Saraiva comete, por ocasiões, pequenos erros (por exemplo, chamar, por três vezes, D. Jaime — o que já lhe foi amargamente exprobado — ao bastardo de D. João II, D. Jorge), mas, ao invés do que supõem os reaccionários incorrigíveis, ele não faz por ignorância. Muito ao contrário. O que Saraiva pretende é afastar das multidões ignaras, que o escutam, a verdade histórica, que são incapazes de manejar e utilizar adequadamente. Ele está apenas a pôr em prática a ideia renanista de Fradique Mendes de que é preciso preservar a ciência da curiosidade das plebes. Por isso, quando estas julgam que estão a aprender qualquer coisa, estão muito simplesmente a comer gato por lebre e a permanecer na mais tremebunda ignorância. Saraiva não cai na asneira de as instruir e esclarecer. É o cais. O que lhes fornece são fábulas, enquanto o saber autêntico, esse, permanece aferrolhado nos prodigiosos arcanos cerebrais, que a sua incipiente calva, à Pacheco, deixa entrever. Um ultra-contra-revolucionário, pois, é o que ele é.
Admiramo-nos que a chamada direita não se tenha apercebido dessa nítida faceta do imenso talento de Sua Excelência, que, aliás, outras atitudes também patenteiam com nímia clareza.
Assim, se ele nos conta que um criado, chamado Luís de Camões, tinha vagar para ler Quevedo, Garcilaso de la Vega, Petrarca, etc., (embora infelizmente não soubesse grego), o que está é a inocular no povo a tese de que o apogeu do nosso desenvolvimento cultural foi o período monárquico, em que os servos liam os melhores autores e os amos, se calhar, varriam o chão.
Ao assegurar que o mesmo Camões, já na miséria, escrevia epístolas em verso ao Duque de Aveiro, brincando com ele, resplandecendo em ironias, e blagues, Saraiva o que desejava salientar é a fraternidade, o à-vontade com que os pobres naquela época tratavam os grandes senhores, sem as contumélias, as amabilidades com que hoje em dia os vulgares cidadãos se dirigem ao sr. Mário Soares ou ao sr. Melo Antunes (dois grandes afortunados do presente). E, finalmente, ao garantir que o já referido Luís de Camões recebia uma tença de D. Sebastião, equivalente ao que, então, ganhava um mendigo (brilhante ideia), Saraiva o que intentava não era dizer que o Rei não passava de um ignorante ou de um sovina (longe disso), mas sim que, naqueles ditosos anos, os mendigos tinham um belo vencimento fixo, estando, acaso, sindicalizados e dedicando-se, já, às suas grevezinhas, com a imensa vantagem de que estas não afectavam a produção.

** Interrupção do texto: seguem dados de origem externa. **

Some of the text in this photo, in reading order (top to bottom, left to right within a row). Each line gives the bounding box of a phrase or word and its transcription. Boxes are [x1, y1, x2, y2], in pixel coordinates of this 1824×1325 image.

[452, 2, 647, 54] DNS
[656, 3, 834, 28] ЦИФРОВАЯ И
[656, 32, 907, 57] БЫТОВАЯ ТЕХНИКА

Saraiva, nos próprios écrans da Televisão destinada a propagar — e que propaga de facto - o mais intolerante e ultrajante esquerdismo, patenteia a imensa superioridade da época absolutista sobre a nossa. Nas barbas dos que se dedicam a intoxicar os telespectadores, Saraiva, com subtil firmeza, mostra como era bela a organização da sociedade do regime tradicional. E a conclusão impõe-se por si. O 25 de Abril não trouxe nada de positivo, não representa um progresso. Os e as criadas não lêem Quevedo, nem sequer José Régio; os desempregados, aos milhares, que agora abundam por esse rectângulo fora, não chalaceiam em epístolas em verso com os nobres senhores Vasco da Gama Fernandes ou Álvaro Cunhal e, sobretudo, os mendigos que voltamos a topar em cada esquina não recebem salários certos e bem averiguados, não estão sindicalizados e nem fazem greves com jornadas de não trabalho devidamente remuneradas.

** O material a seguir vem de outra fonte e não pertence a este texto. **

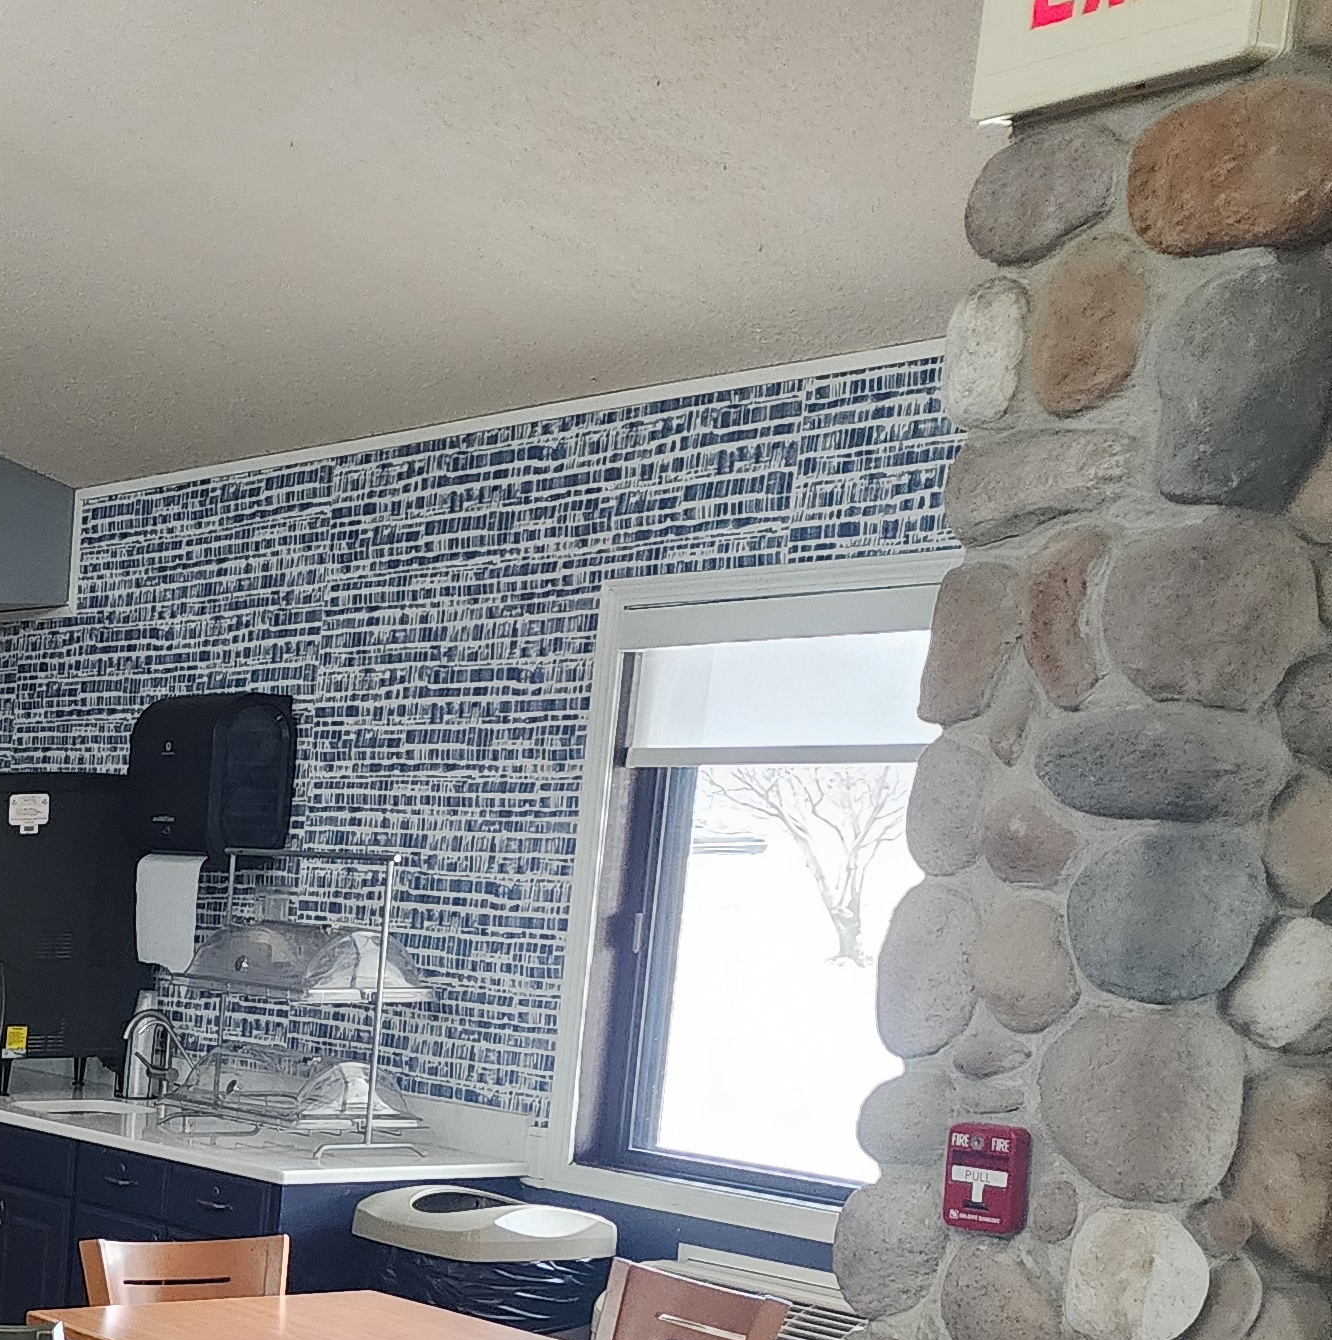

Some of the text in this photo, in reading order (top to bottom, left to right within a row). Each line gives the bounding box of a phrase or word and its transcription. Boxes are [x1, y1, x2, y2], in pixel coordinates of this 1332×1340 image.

Posto isto, que há-de pensar o público? Que a Monarquia é que era uma delícia. Precisamente o que pretende Saraiva e o que — parece impossível — a chamada direita não lhe é capaz de compreender nem à mão de Deus Padre.

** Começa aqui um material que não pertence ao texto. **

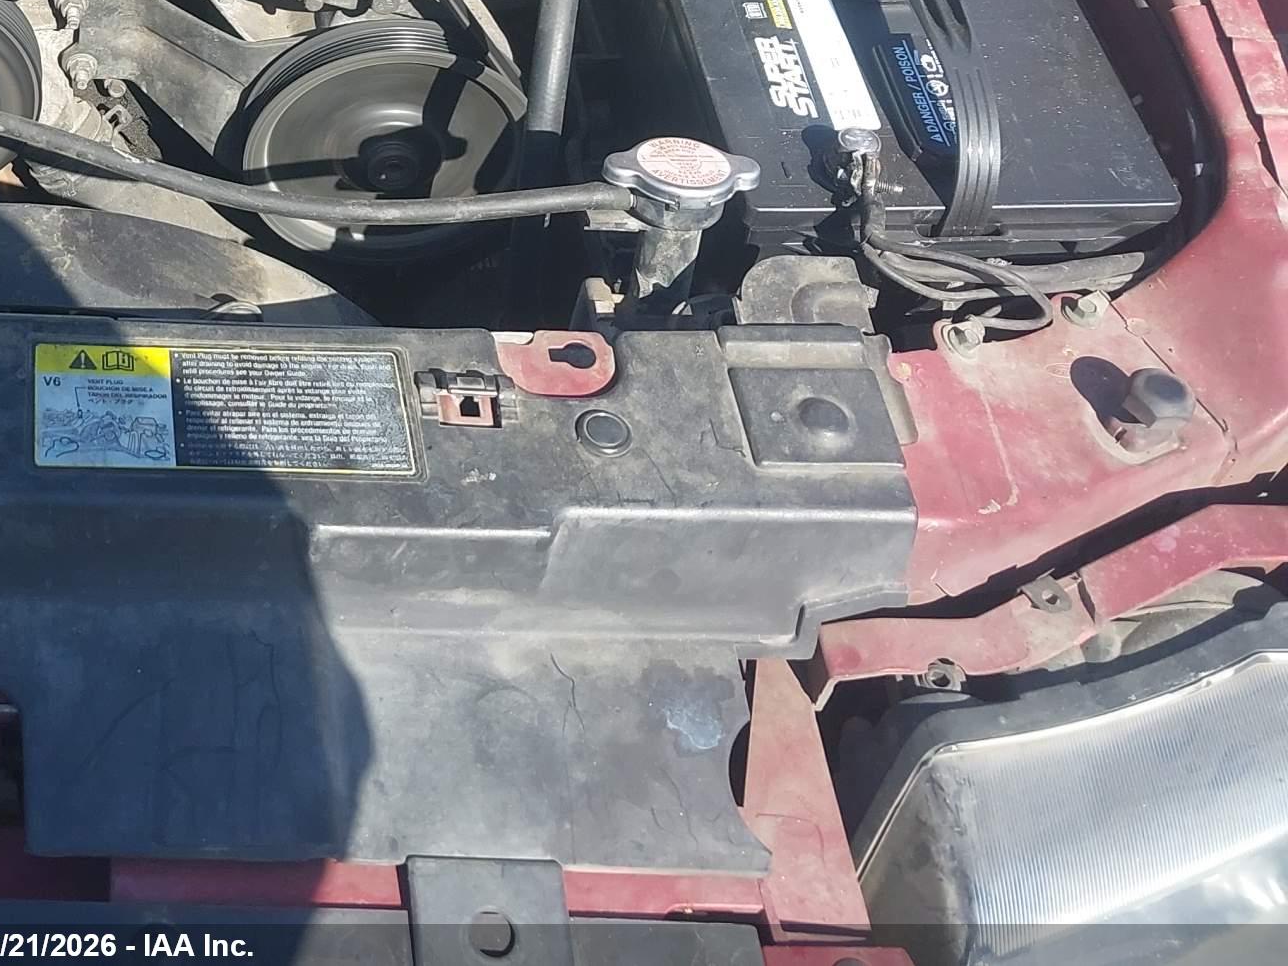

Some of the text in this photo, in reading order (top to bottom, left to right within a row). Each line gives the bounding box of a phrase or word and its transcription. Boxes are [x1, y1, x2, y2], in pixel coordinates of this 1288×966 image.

[754, 36, 794, 108] SUPER
[778, 42, 819, 118] START
[892, 46, 918, 82] POISON
[913, 92, 939, 133] DANGER
[648, 138, 701, 149] WARNING
[651, 169, 727, 185] AVERTISSEMENT
[43, 376, 61, 386] V6

Talvez tudo o que ele narra não passe de fantasias? E que importa isso? Saraiva não quer exibir aos profanos os mistérios do conhecimento, o que visa é exaltar o sistema político de antanho em confronto com o actual. Por meio de mitos? E porque não? Obrigado, Saraiva! Continuas igual a ti mesmo. Sempre na oposição, na corajosa luta clandestina. Na ominosa tirania de Salazar até te sentiste forçado a ser ministro, mas era para piscar o olho aos subversivos e protegê-los quanto podias. De momento, peroras na televisão comuna-estatal (1) (que esperamos, em breve, condecore o sr. Elyseu e dê a palavra de honra que o sr. César de Oliveira tem talento), mas é para produzires apologias indirectas da Realeza. Quem olhar exclusivamente às exterioridades suporá que a tónica dominante da tua vida é ser governamental — estar com os governos que se sucedem, bons ou maus, conservem ou destruam a Pátria — e que como historiador (esotérico) te sentes no dever de seguir, sem hesitar, os ventos da História. Trata-se, porém, de um equívoco, de uma ilusão. O que tu és é um inconformista nato, um homem que nunca está satisfeito com os patrões que serve e que, na hora própria (quando estão vencidos), não hesita, desassombradamente, em mandá-los à fava. Olha, Saraiva! Quem te não conhecer que te compre.
Nota:
1 - Dentro do seu comuno-tartufismo habitual, a Televisão dita portuguesa, quando, no Porto, foram partidas algumas cadeiras e mesas numa ou noutra sede de bairro de partidos marxistas, deu aos eventos um relevo do diabo e velou a face de ultrajada. Quando, porém, no sábado 24 de Março, em Braga, os comunistas atacaram a tiro e à bomba uma pacífica e autorizada manifestação, daí resultando vários feridos, um dos quais teme-se que fique mutilado, limitou-se a umas notícias anódinas e tão mal redigidas que, até, se ficava na dúvida se tinham ou não sido os manifestantes que, para se defender, recorreram a bombas e armas de fogo. No dia seguinte, dimanou a TV umas considerações de protesto, intercaladas, todavia, de àpartes sobre o reaccionarismo bracarense que, de certo modo, justificavam a exaltação dos assaltantes. À hora em que escrevemos estas linhas só esperamos que a Televisão dita portuguesa divulgue, ao máximo, o comunicado P.C., segundo o qual foram os manifestantes que se auto-agrediram, perfidamente, para comprometer os súbditos de Moscovo, lá do sítio, que, no dia 24, estavam todos em casa, pacificamente, a meditar na crise.